If you don’t want/need all those improvements, don’t buy the latest iPhone. But don’t falsely claim that Apple isn’t doing anything. That’s total BS.
Yes, the differences from the 2019 to the 2022 phone are notable (not game-changing) but who cares? In day to day use most users will hardly tell the difference between last year’s model, 2021 or 2020, a huge proportion of models sold aren’t the Pro Maxes either, where most of the innovation happens. Apple has been playing the incremental upgrade game for nearly a decade now with iPhone. As a shareholder I expect to see more innovation from the wealthiest, supposedly most creative company on the planet, on top of the natural progression you listed.
Apple under Jobs was able to move the needle far further with way less resources. The difference is management and leadership. Where’s the Apple Car? Tesla is light years ahead of Apple right now, you need gigantic modern factories that you control to be within spitting distance of Tesla, where are they? What about the VR glasses or VR headset or whatever it’s supposed to be? They got rid of their own monitors for years! We’ve had Face ID on iPhone and iPad for 5+ years, WTF isn’t it on the Mac already?! Tim Beancounter Cook: “Oh, lets save it for next year so our baby step upgrades look like a total joke again.”
My 12 Pro Max still feels state of the art, except for the battery, but my X and 6 Plus, as well as older iPads and even my beloved 2017 27 inch iMac could surely be upgraded. The older phones are practically useless now- battery life is practically non-existent, they’re slow, sluggish, and overheat. I’m looking forward to the 15 Ultra, an iPad mini with better software, brightness, and screen, would have bought a 2022 27 inch iMac with non-Intel processor if it had been offered. As usual, Android and Windows make our most persistent complaints seem like childish whining. They are not options, to put it mildly.
Apple won’t name iPhones like MacBooks as long as the previous models stay in the lineup. SE can be just SE because the old model is dropped when a new one is released.
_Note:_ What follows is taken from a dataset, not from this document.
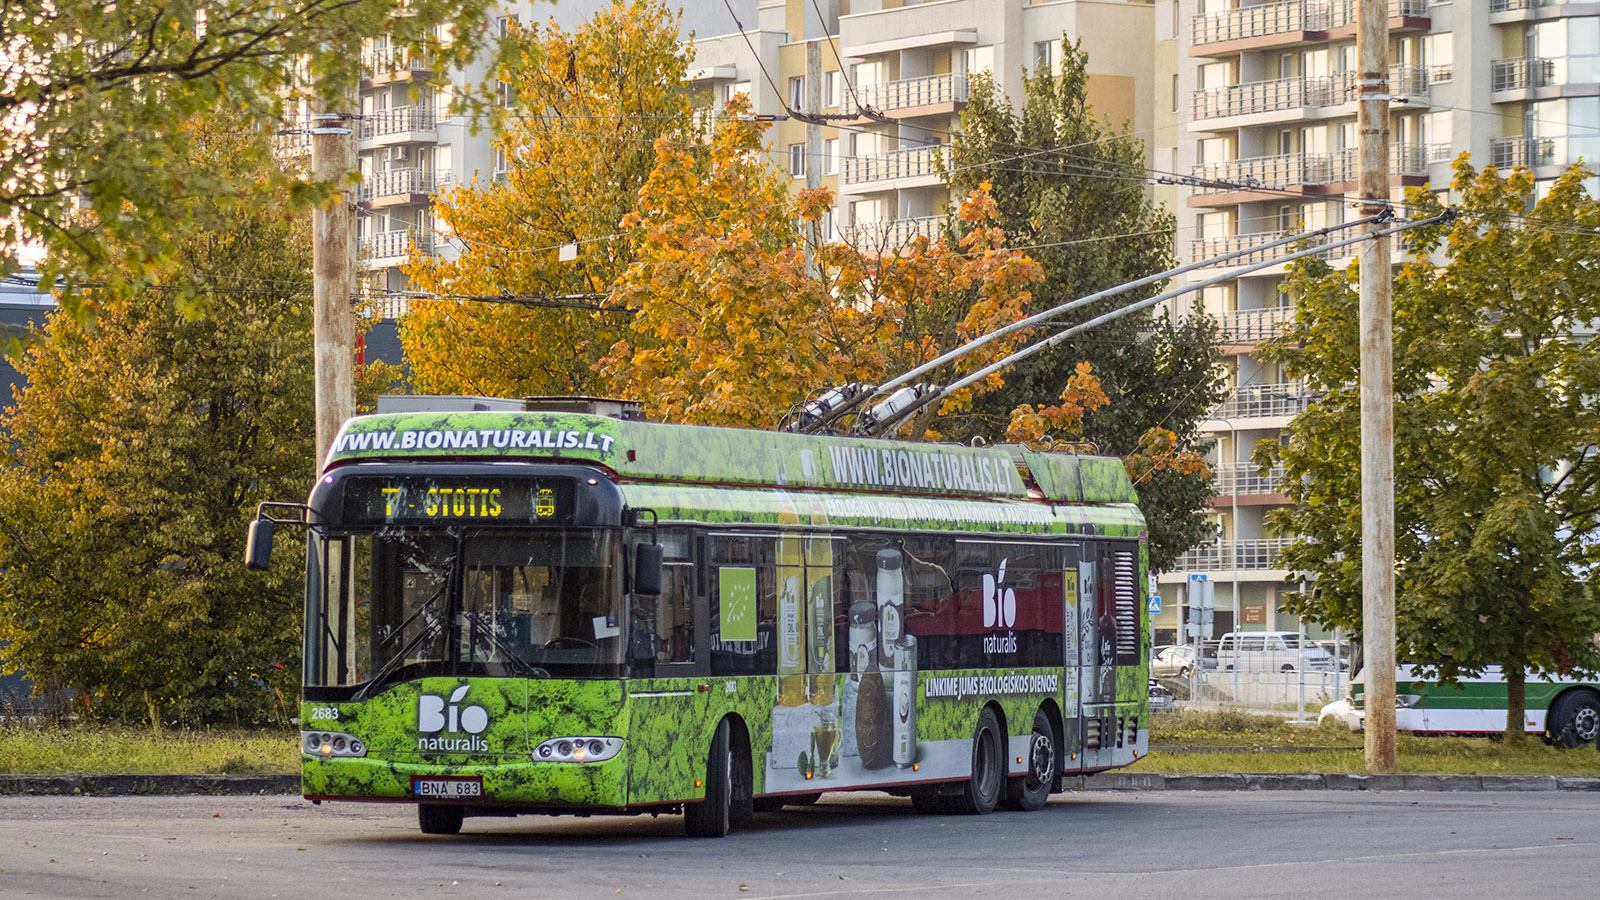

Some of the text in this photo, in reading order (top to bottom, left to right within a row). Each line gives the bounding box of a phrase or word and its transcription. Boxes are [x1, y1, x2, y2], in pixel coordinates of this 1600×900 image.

I see Apple evolving products on par with TV manufacturers, car makers and other luxury goods. Nothing earth-shattering but still improving every year.
As of now I can’t think of any market that is really looking to be re-made. In 2006 I started looking at smart phones and couldn’t stand any of them and wondered when something would come along that actually did what I needed. I’d only been an Apple users for less than a year but hearing rumors they would make a phone made me wait and I was not disappointed.
Right now I am at a loss to think of what is needed to me like that was. The watch is way better than I imagined (put one off for years, now I have an Ultra). All new laptops, phones, watches and an M1 Mini plus two TVs from last year, so for once I feel up to date. Still can’t see what market is dying for innovation.
Yes, Tesla has the electric car. Not the first but the best.
NAD has the M10. Not the first but with BluOS easily the best.
ROON has audio streaming (almost) perfected. Not the first but…..
Anyhow, maybe trusted elections? Honest reporting??
Software to check political bullshit levels for our God-awful budget process?
Better medical system?
What exactly Apple can do at this point I don’t know. Keep making mostly good and reliable products until another need arises, then hope they will studying solutions.